Domenica delle palme: ecco il perché del rito del ramoscello di ulivo

Domenica delle palme: ecco il perché del rito del ramoscello di ulivo. Attraverso questa ricorrenza si usa ricordare l’ingresso solenne d Gesù, nella città di Gerusalemme, accolto da un bagno di folla che lo esalta come se fosse un re, agitando delle fronde e dei rami raccolti nei campi. Si tratta di un’usanza derivata dalla festività ebraica chiamata Sukkot, in cui i pellegrini erano soliti recarsi al tempio di Gerusalemme con in mano un mazzetto di palme, mirto e salice.

Cade, domenica 25 marzo, la festività della domenica delle palme con cui si celebra l’ingresso solenne di Gesù, nella città di Gerusalemme, dove  fu accolto da un bagno di folla che lo acclamava come una sorta di re , agitando tra le mani dei ramoscelli, raccolti nei campi, alla stregua della tradizione ebraica della festa chiamata Sukkot, nel corso della quale i pellegrini si recavano al tempio di Gerusalemme, portando in mano un mazzetto di palme, mirto e salice.

Con la domenica delle palme si dà inizio alla settimana santa, durante la quale si ricordano gli ultimi giorni dell’esistenza sulla terra di Gesù Cristo.

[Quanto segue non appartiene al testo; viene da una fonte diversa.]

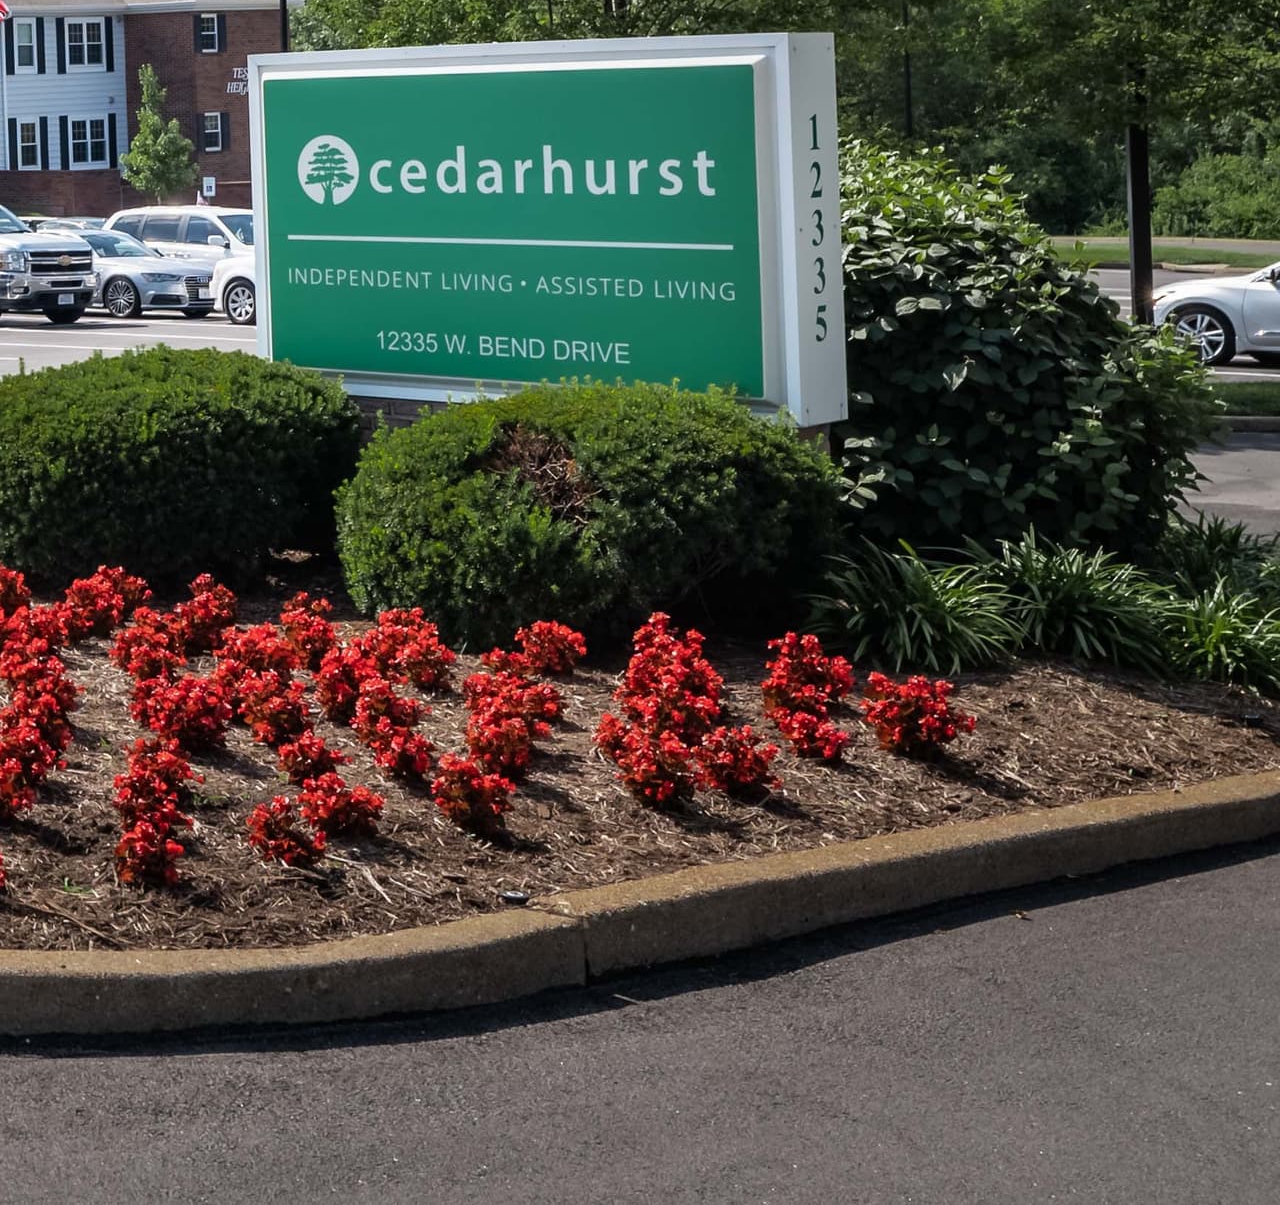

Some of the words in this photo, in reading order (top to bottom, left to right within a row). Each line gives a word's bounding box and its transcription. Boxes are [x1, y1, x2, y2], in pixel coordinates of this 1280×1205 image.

[369, 144, 716, 197] cedarhurst
[808, 113, 828, 344] 12335
[288, 267, 432, 290] INDEPENDENT
[441, 272, 513, 294] LIVING
[536, 275, 644, 298] ASSISTED
[653, 279, 736, 302] LIVING
[376, 330, 439, 354] 12335
[444, 333, 472, 356] W.
[478, 335, 546, 361] BEND
[552, 338, 631, 365] DRIVE
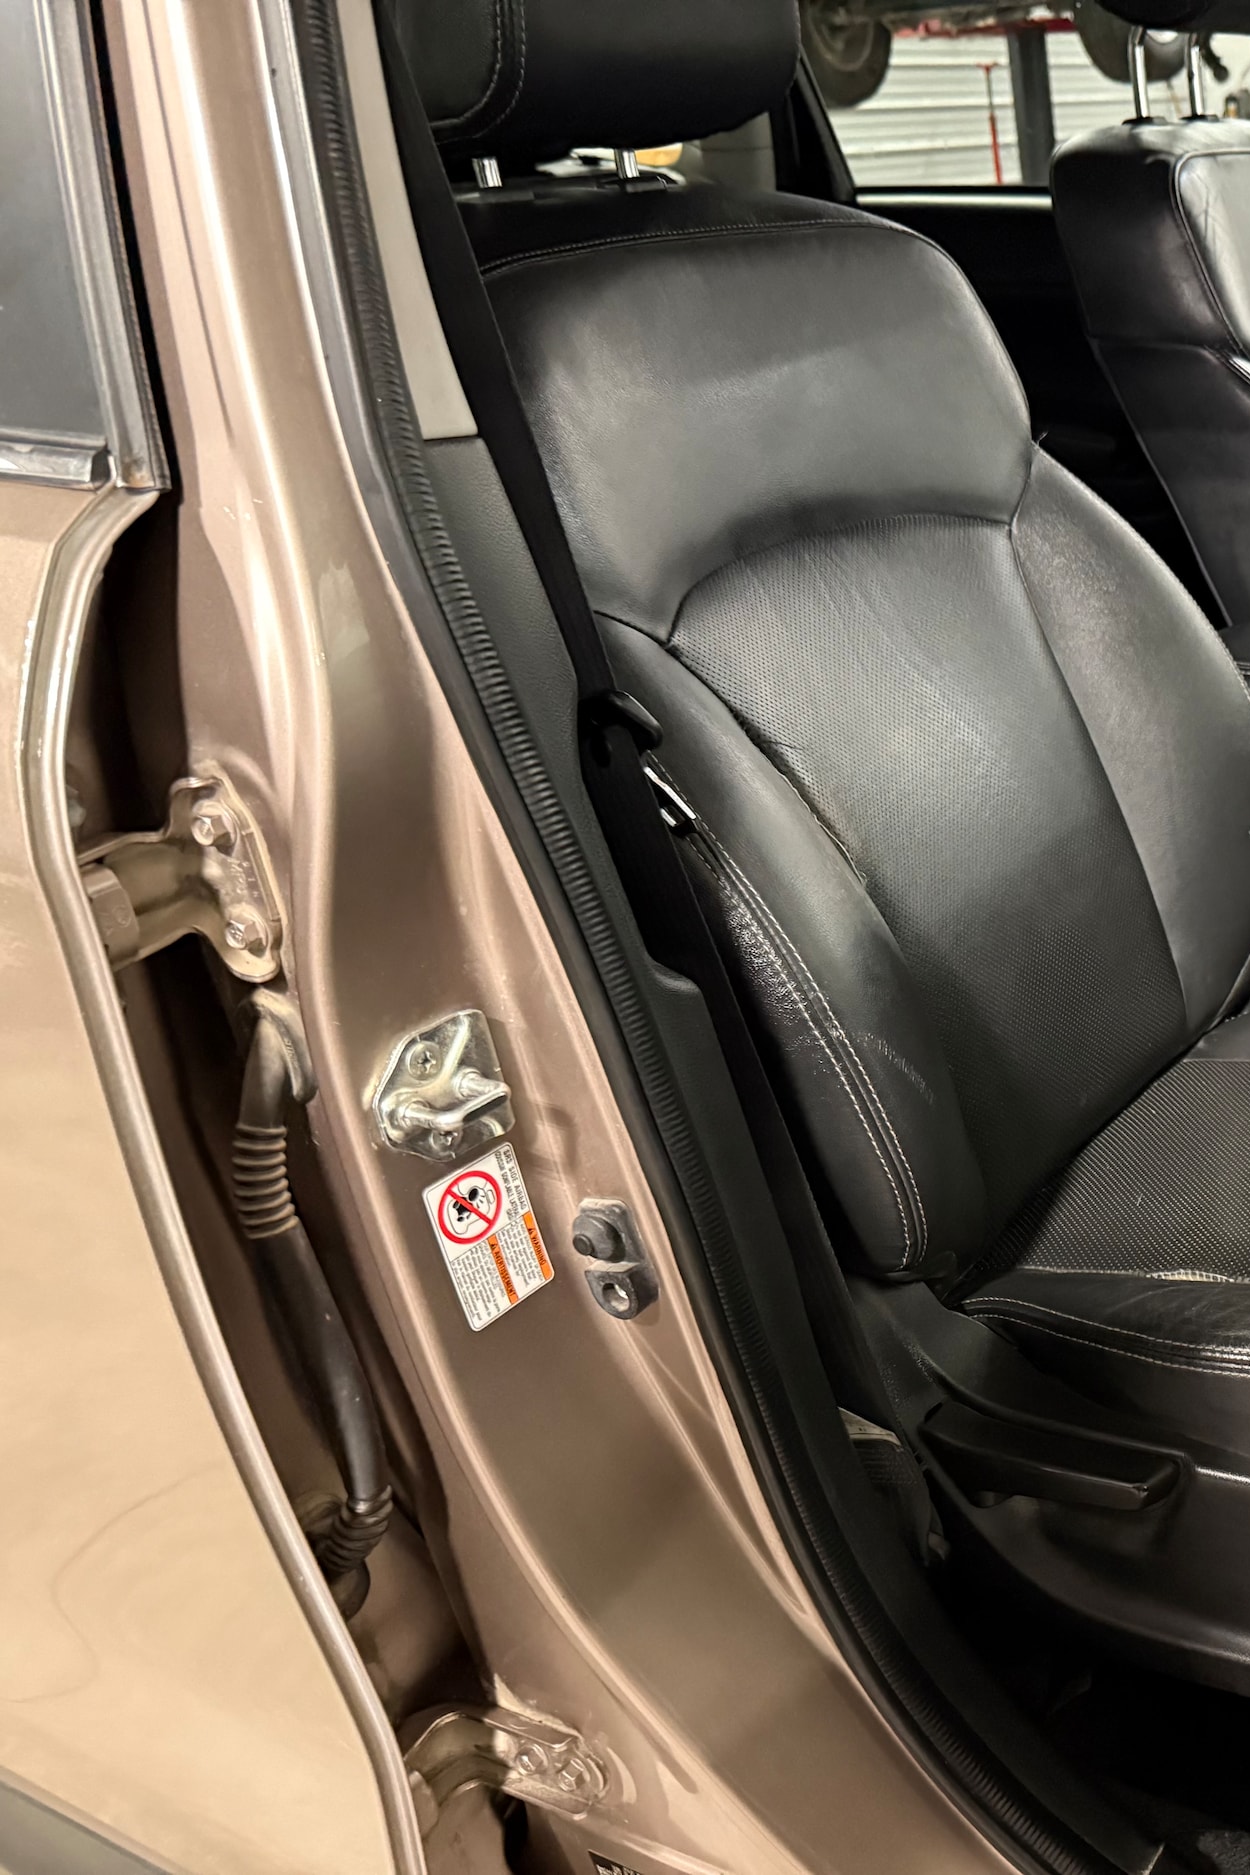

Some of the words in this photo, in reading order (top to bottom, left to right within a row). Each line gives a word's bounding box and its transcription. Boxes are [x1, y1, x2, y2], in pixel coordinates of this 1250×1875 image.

[502, 1147, 513, 1165] SRS
[507, 1164, 519, 1183] SIDE
[513, 1182, 527, 1211] AIRBAG
[530, 1233, 547, 1267] WARNING
[493, 1248, 515, 1298] AVERTISSEMENT

Pertanto si usa celebrare  la sua Passione, la Morte ed infine la Risurrezione. Tutti e quattro gli evangelisti raccontano l’entrata trionfale di Cristo a Gerusalemme, tuttavia non tutti la narrano nello stesso modo. Infatti Matteo e Marco parlano di gente che sventolava rami di alberi, o fronde, invece  Luca non ne parla affatto, mentre solo Giovanni racconta che la folla recava in mano delle palme.

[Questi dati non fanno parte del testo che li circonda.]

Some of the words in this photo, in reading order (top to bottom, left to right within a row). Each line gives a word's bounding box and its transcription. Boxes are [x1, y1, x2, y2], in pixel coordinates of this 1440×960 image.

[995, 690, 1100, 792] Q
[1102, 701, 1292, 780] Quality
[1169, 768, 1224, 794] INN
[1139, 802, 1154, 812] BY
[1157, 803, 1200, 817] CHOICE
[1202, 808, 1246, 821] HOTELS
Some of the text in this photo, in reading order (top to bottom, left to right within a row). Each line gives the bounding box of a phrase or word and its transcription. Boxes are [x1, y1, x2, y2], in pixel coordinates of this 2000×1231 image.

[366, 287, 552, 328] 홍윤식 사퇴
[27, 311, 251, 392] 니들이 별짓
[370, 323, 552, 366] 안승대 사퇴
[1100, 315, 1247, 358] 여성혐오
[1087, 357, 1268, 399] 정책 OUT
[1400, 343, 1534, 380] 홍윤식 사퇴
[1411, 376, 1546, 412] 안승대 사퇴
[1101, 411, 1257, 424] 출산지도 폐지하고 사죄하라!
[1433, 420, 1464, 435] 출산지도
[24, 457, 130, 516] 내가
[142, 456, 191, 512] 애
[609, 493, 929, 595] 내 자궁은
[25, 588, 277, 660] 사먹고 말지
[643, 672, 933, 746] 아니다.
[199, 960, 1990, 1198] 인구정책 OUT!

Come accennato precedentemente l’usanza prendeva spunto dalla ricorrenza della festività ebraica detta Sukkot, ossia la “festa delle Capanne”, dove tantissimi fedeli giungevano in pellegrinaggio al tempio di Gerusalemme, portando in mano e sventolando il lulav, ovvero un mazzetto intrecciato formato dalla  palma, simbolo della fede, dal mirto, immagine  della preghiera, e dal salice simboleggiante il silenzio. 

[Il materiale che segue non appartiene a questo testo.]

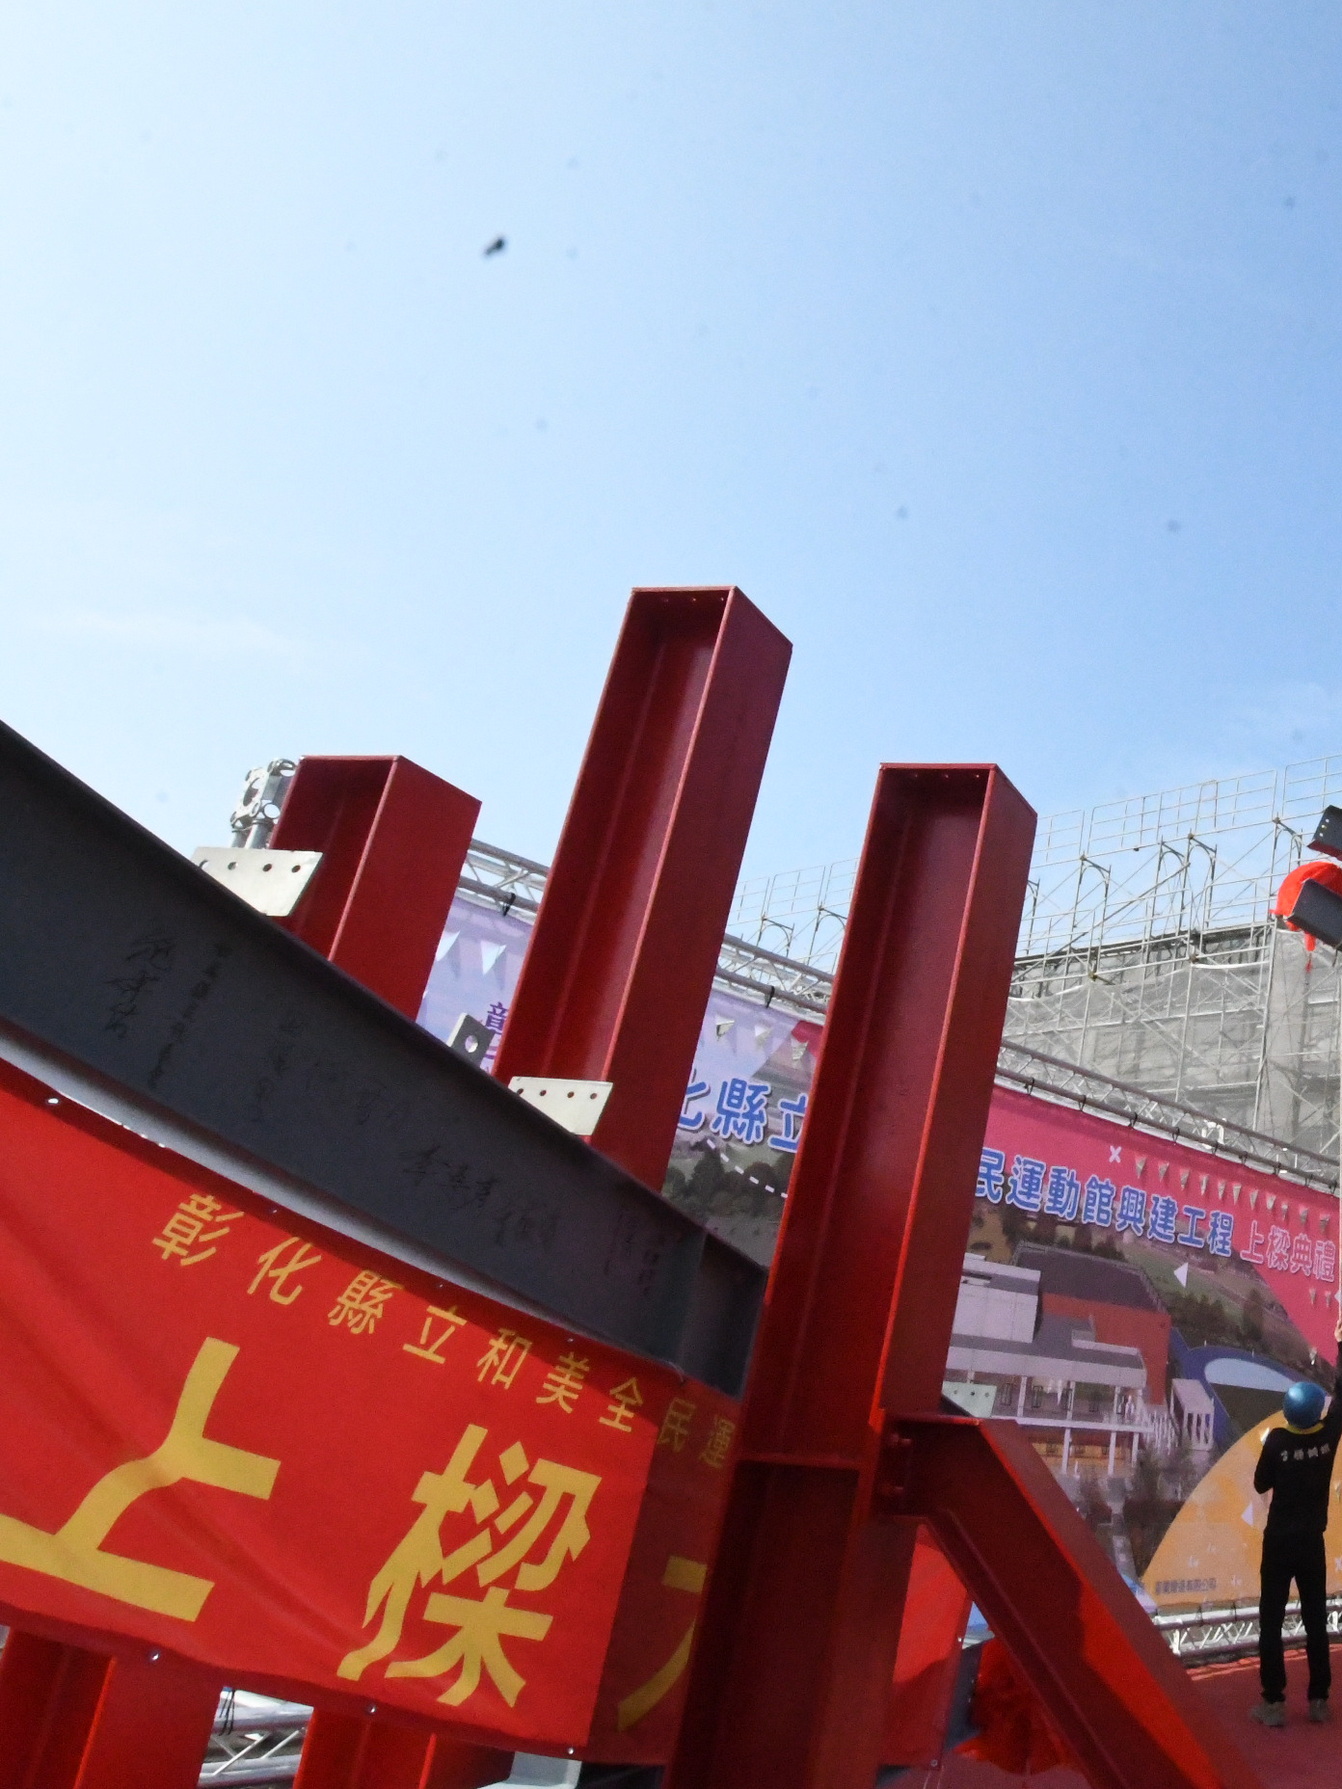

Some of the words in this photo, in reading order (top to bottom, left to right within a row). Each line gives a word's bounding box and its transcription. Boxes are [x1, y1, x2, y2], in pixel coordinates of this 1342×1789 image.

Quel giorno a Gerusalemme una straripante folla, allertata dalle voci dell’arrivo del Messia, distese a terra dei mantelli, mentre altri agitavano rami di ulivo e di palma, per  rendere omaggio a Gesù. La gente esclamava: Osanna al figlio di Davide! Benedetto colui che viene nel nome del Signore! Osanna nell’alto dei cieli!”. Per la cronaca la Domenica delle Palme viene celebrata non solo dai cattolici, ma anche dagli ortodossi e dai protestanti, anche se non nelle stesse date. Da noi ricorre sempre  durante il tempo della Quaresima, che si conclude il Giovedì Santo, primo giorno del cosiddetto “Triduo Pasquale”.

Come tutti sanno, la Domenica delle palme non si celebra in una data fissa, dal momento che è strettamente legata alla Pasqua, che ricorre, ogni anno sempre di domenica ma mai lo stesso giorno. si tratta infatti di una festività mobile che viene programmata  in base alla prima luna piena successiva all’equinozio di primavera del 21 marzo. Quindi la Santa  Pasqua per i cattolici può cadere tra il 22 marzo ed il 25 aprile, al massimo.

E’ tradizione che nella giornata della domenica delle palme i fedeli portino nelle loro case i rametti di ulivo e di palma benedetti dal sacerdote, per custodirli in segno di pace, o per scambiarli con parenti ed amici. In molte regioni italiane si usa che il capofamiglia, prima del pranzo pasquale,  benedica la tavola imbandita,  proprio con il ramoscello di ulivo intinto nell’acqua benedetta.